Posted by cloud-fan <gi...@git.apache.org>.
Github user cloud-fan commented on a diff in the pull request:

    https://github.com/apache/spark/pull/19752#discussion_r153177002
  
    --- Diff: sql/catalyst/src/main/scala/org/apache/spark/sql/catalyst/expressions/conditionalExpressions.scala ---
    @@ -158,111 +178,86 @@ abstract class CaseWhenBase(
         val elseCase = elseValue.map(" ELSE " + _.sql).getOrElse("")
         "CASE" + cases + elseCase + " END"
       }
    -}
    -
    -
    -/**
    - * Case statements of the form "CASE WHEN a THEN b [WHEN c THEN d]* [ELSE e] END".
    - * When a = true, returns b; when c = true, returns d; else returns e.
    - *
    - * @param branches seq of (branch condition, branch value)
    - * @param elseValue optional value for the else branch
    - */
    -// scalastyle:off line.size.limit
    -@ExpressionDescription(
    -  usage = "CASE WHEN expr1 THEN expr2 [WHEN expr3 THEN expr4]* [ELSE expr5] END - When `expr1` = true, returns `expr2`; else when `expr3` = true, returns `expr4`; else returns `expr5`.",
    -  arguments = """
    -    Arguments:
    -      * expr1, expr3 - the branch condition expressions should all be boolean type.

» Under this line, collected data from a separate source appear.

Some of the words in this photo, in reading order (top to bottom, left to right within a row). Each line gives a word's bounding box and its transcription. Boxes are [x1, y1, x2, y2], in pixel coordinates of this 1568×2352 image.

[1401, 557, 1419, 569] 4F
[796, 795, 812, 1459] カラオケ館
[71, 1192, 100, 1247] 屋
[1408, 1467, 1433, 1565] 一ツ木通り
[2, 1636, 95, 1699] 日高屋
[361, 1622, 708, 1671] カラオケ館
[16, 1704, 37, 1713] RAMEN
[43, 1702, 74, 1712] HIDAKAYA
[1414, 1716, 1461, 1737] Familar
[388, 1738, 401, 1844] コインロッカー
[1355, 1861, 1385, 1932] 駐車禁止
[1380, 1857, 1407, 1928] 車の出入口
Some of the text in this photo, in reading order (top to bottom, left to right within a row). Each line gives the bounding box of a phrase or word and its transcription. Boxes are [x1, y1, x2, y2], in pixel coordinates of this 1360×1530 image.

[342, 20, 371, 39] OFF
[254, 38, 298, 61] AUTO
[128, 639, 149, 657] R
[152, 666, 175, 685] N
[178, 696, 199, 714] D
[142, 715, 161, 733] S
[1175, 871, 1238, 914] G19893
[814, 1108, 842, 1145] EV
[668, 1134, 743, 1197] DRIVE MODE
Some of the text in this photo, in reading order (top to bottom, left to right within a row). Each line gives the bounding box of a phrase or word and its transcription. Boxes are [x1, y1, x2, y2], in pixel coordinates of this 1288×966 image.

    -      * expr2, expr4, expr5 - the branch value expressions and else value expression should all be
    -          same type or coercible to a common type.
    -  """,
    -  examples = """
    -    Examples:
    -      > SELECT CASE WHEN 1 > 0 THEN 1 WHEN 2 > 0 THEN 2.0 ELSE 1.2 END;
    -       1
    -      > SELECT CASE WHEN 1 < 0 THEN 1 WHEN 2 > 0 THEN 2.0 ELSE 1.2 END;
    -       2
    -      > SELECT CASE WHEN 1 < 0 THEN 1 WHEN 2 < 0 THEN 2.0 ELSE null END;
    -       NULL
    -  """)
    -// scalastyle:on line.size.limit
    -case class CaseWhen(
    -    val branches: Seq[(Expression, Expression)],
    -    val elseValue: Option[Expression] = None)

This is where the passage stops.